Fast-forward to 1993, when a saviour in the form of Yasmin Yusuf, a former senior fashion buyer for Harvey Nichols, joined Warehouse first as both fashion director and managing director to restore brand image, the customers faith and, of course, to inject a serious dose of oomph into the clothes. Passionate about fashion, Yusuf reinvented the Warehouse woman, and reverted to the original brief. "We always ask ourselves, `Will she like it? Will she understand it? Can she afford it?'" she says. "We don't dictate to our customers - we want to create fashionable clothes for girls and women everywhere, so they can create their own style." It sounds like a corporate manifesto, and it is. Competition on the high street is fiercer than ever before, and companies have to be extremely focused to get their girl.

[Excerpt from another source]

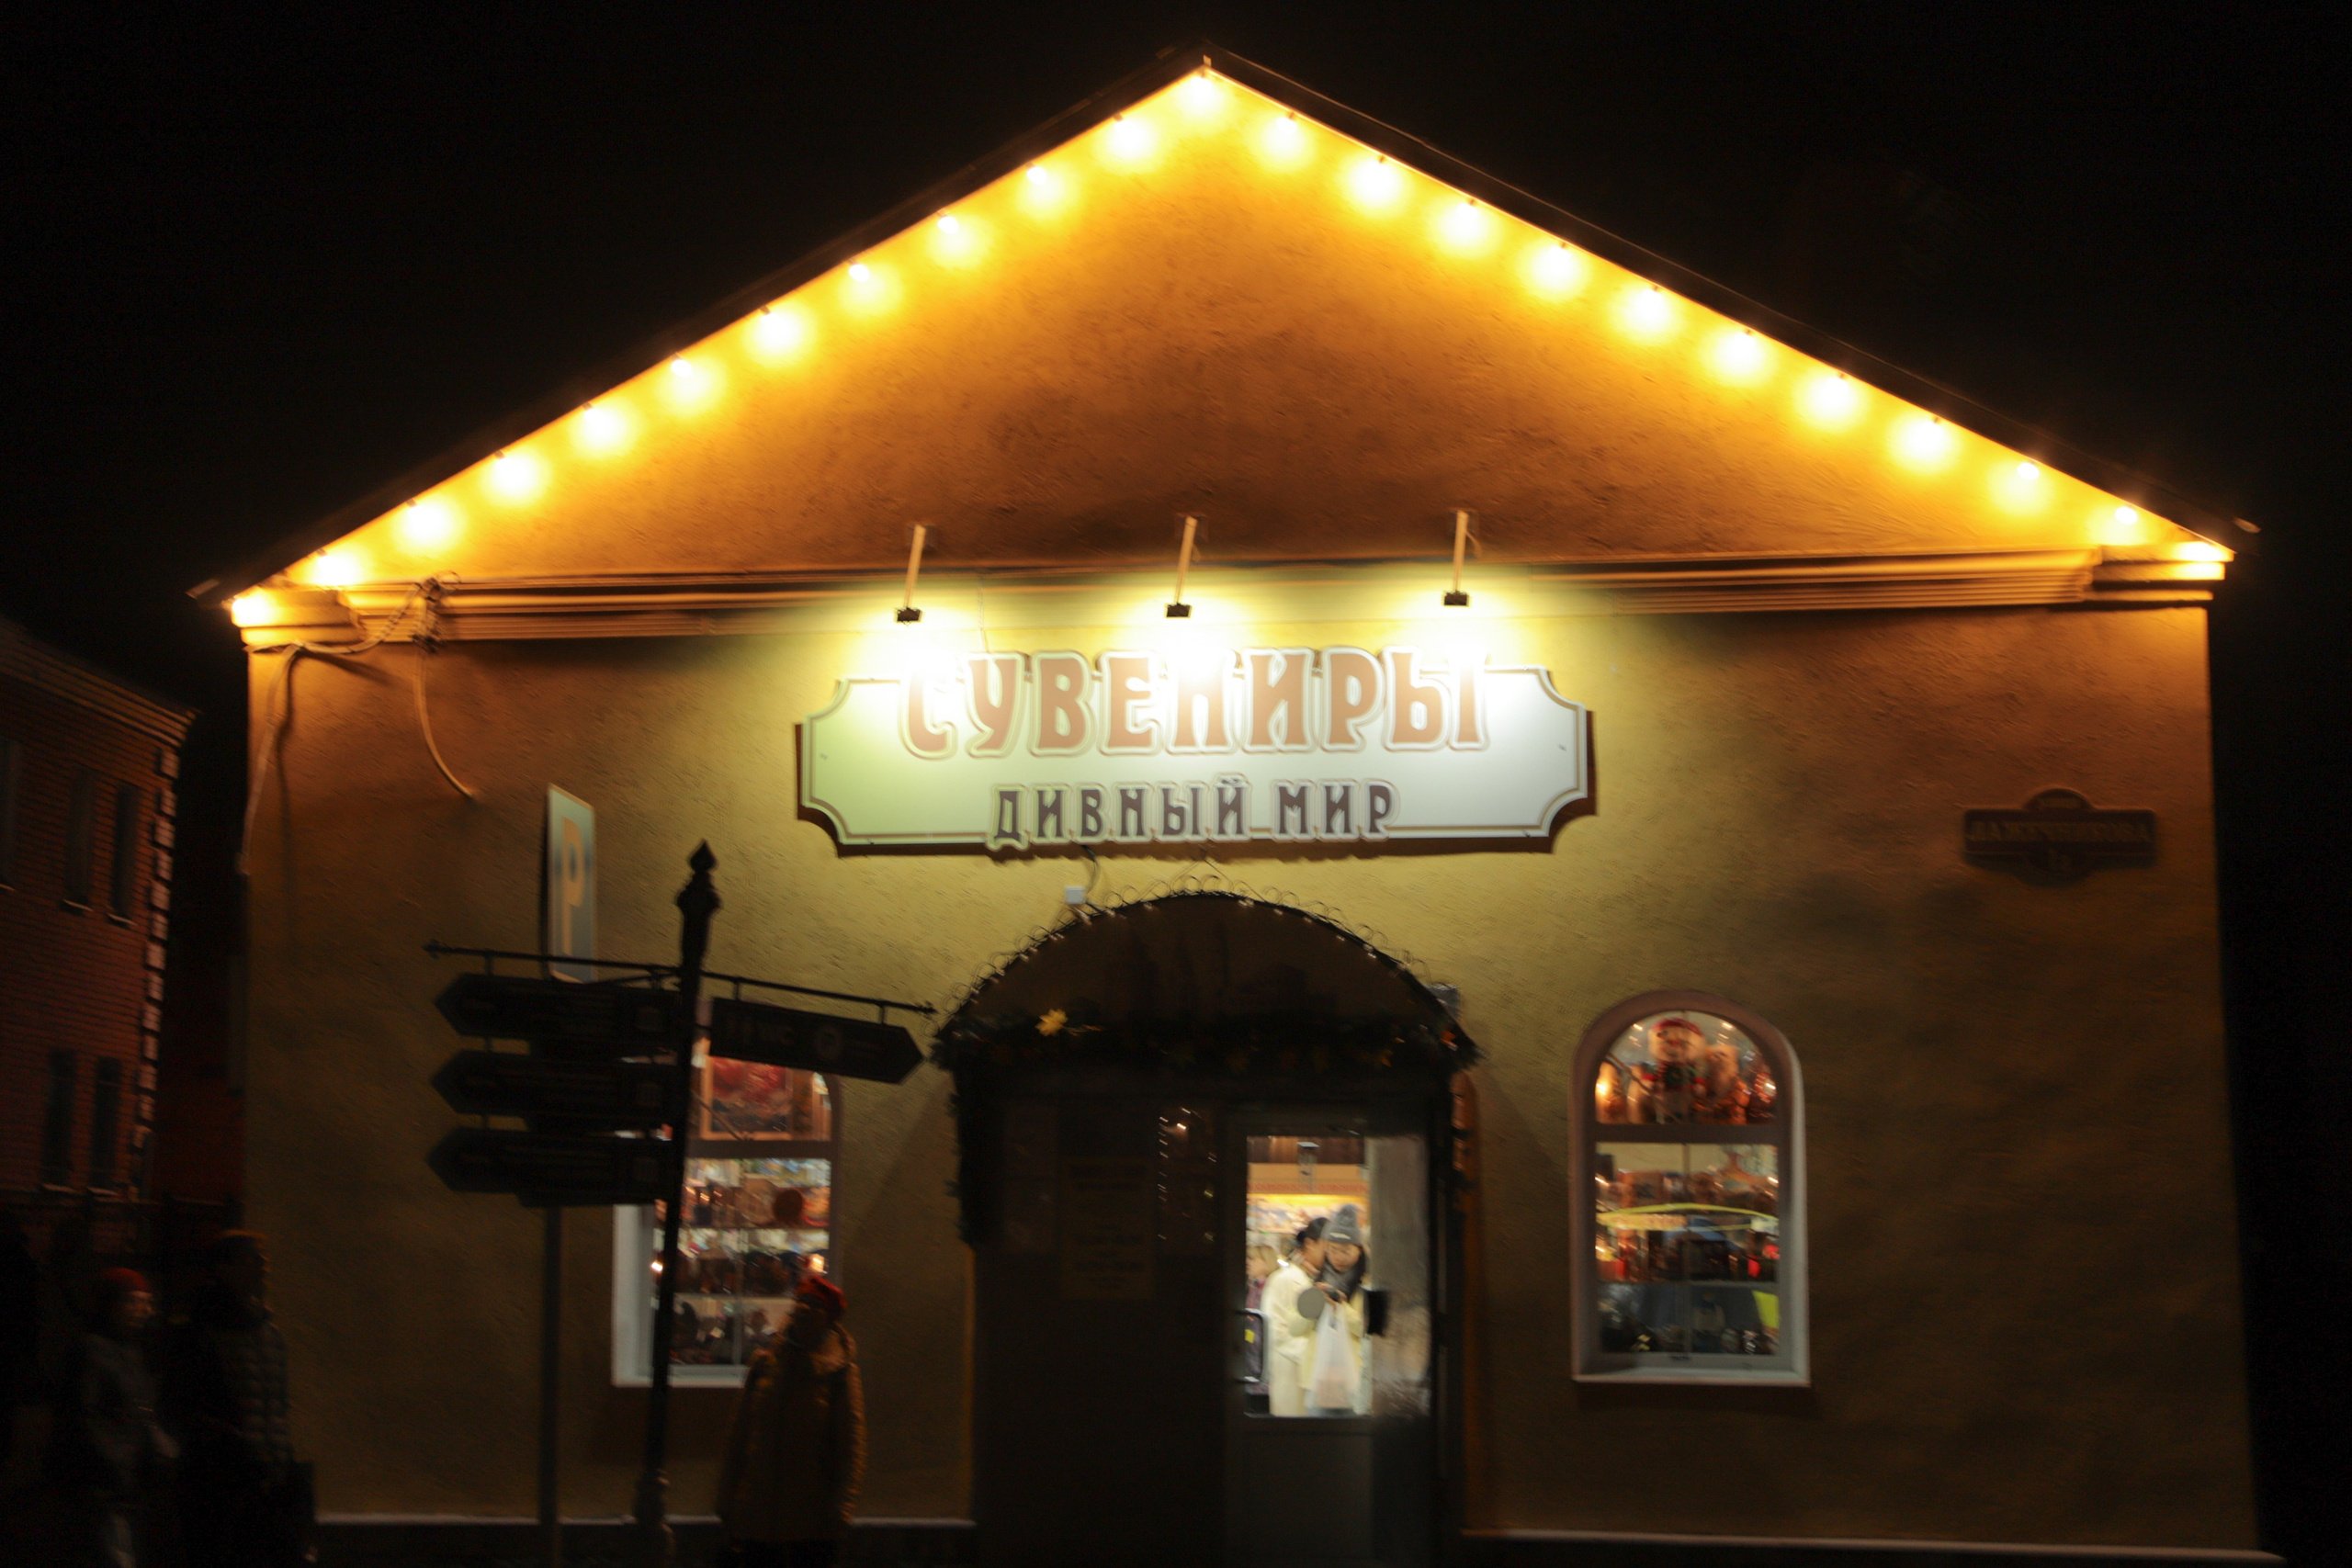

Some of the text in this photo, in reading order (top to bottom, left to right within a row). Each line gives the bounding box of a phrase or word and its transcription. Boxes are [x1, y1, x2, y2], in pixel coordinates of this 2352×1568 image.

It is a widely held assumption that high street chains wait for the twice-yearly catwalk collections to enable their designers to copy the major trends and get them into the shops in double-quick time. This is not true of Warehouse. Its team of designers constantly travel the world looking at fabrics, street trends, and the clothes women are actually wearing. As Yusuf says: "We read fashion. It's not our business to look at a designer like Helmut Lang and copy him. We look at where he is coming from. So if he is doing punk, say, we look back to the beginning of punk." Warehouse is currently buying the fabrics for winter 1998, and designing the clothes for next spring, long before the fashion designers show us their vision.

Yusuf and her team have done such a good job of repositioning Warehouse in the marketplace that the store is now up there with the best of the rest. It has been nominated for the high street retailer of the year award three times, but so far this title has eluded it. Madeleine Christie, senior fashion editor at a soon to be launched version of Arena for women, has been styling Warehouse shoots for a few seasons. "The clever thing about them is that they manage to pick up on the major trends before they happen," she says. " It's fashionable, but not too streety; real women can relate to it." This is the key to its current success.

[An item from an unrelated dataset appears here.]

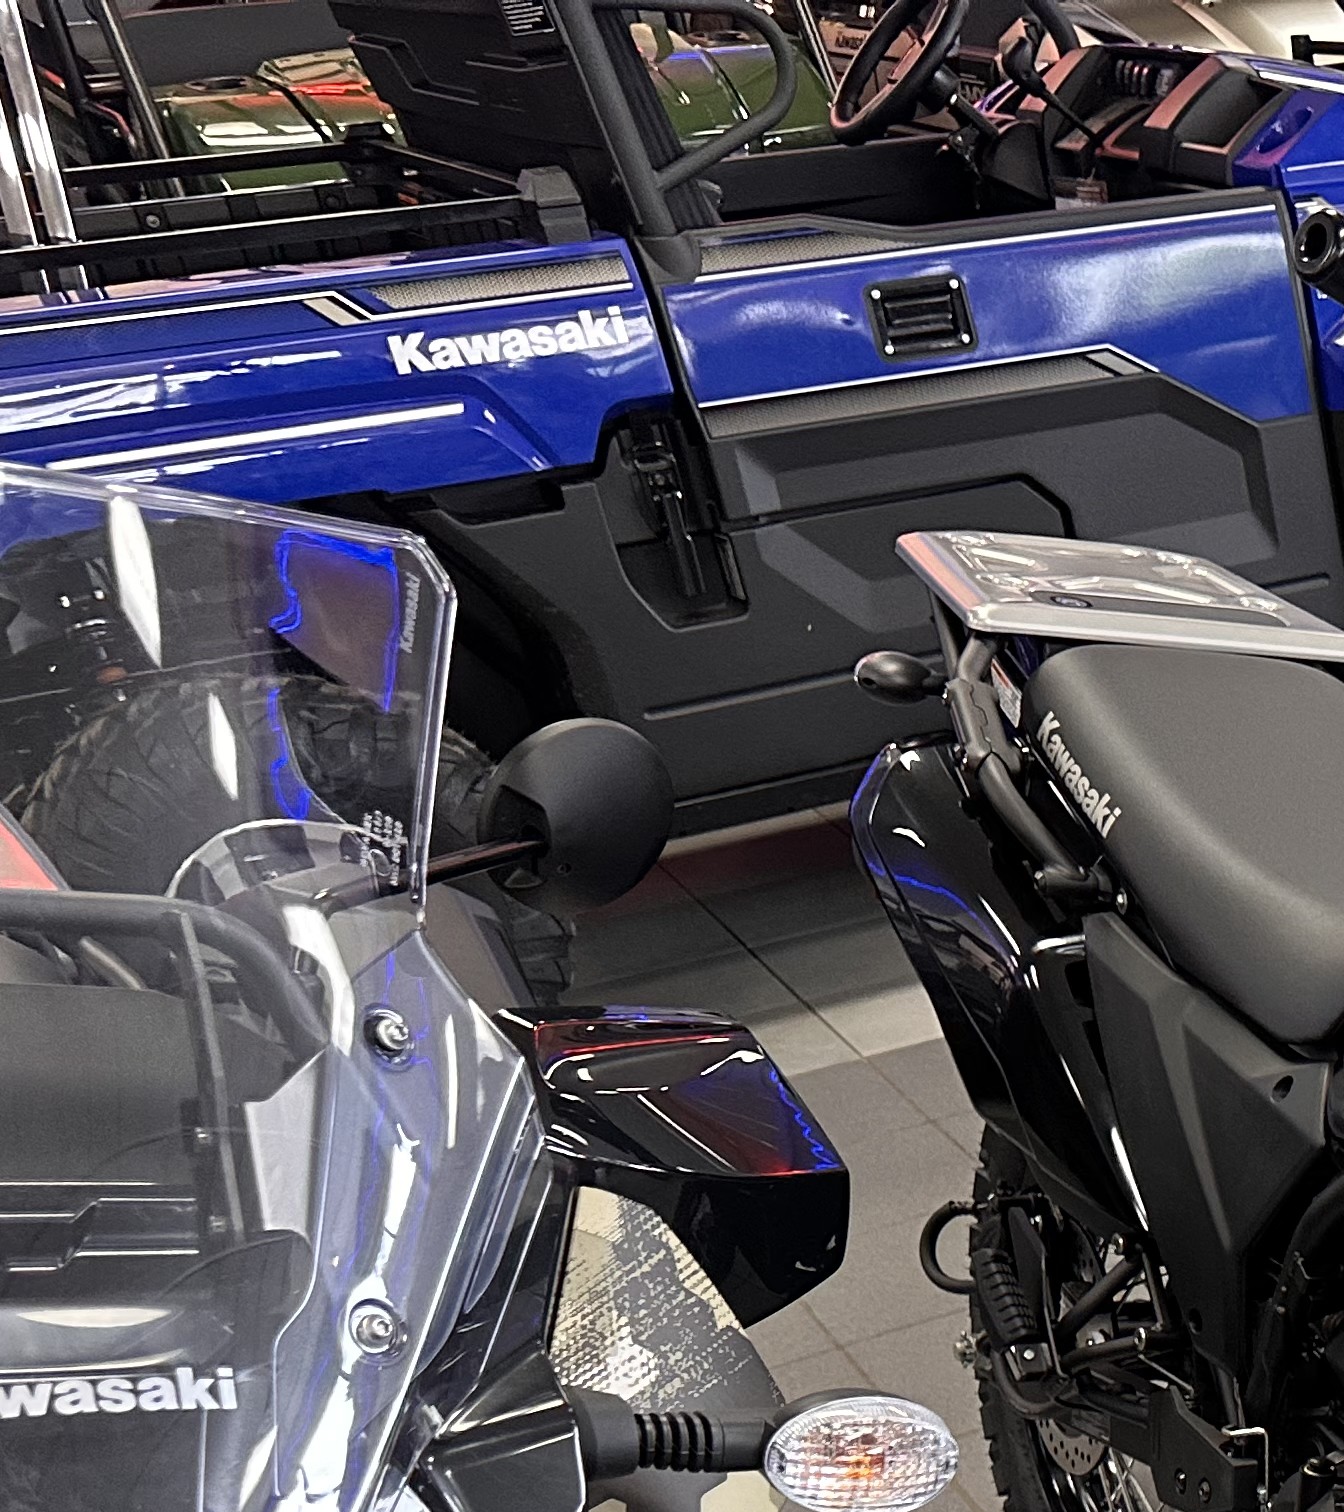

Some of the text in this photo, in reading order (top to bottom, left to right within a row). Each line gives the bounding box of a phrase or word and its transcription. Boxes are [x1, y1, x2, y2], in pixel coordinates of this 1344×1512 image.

The latest range to go in-store bridges the gap between summer and autumn, and Yusuf is confident that the team has hit the nail on the head. "We know that legs are back, so we've got great dresses to wear with high heels. Red and grey are back, so we've translated these colours into our existing `Definitives' range, and onto dresses and suits. Narrow trousers are back, too, but we will provide our customers with bootcut shapes until they don't want them any more."

Aside from new trends in fashion, Warehouse always aims to provide customers with their favourite items.

As Yusuf says: "We just want to keep them happy so they come back."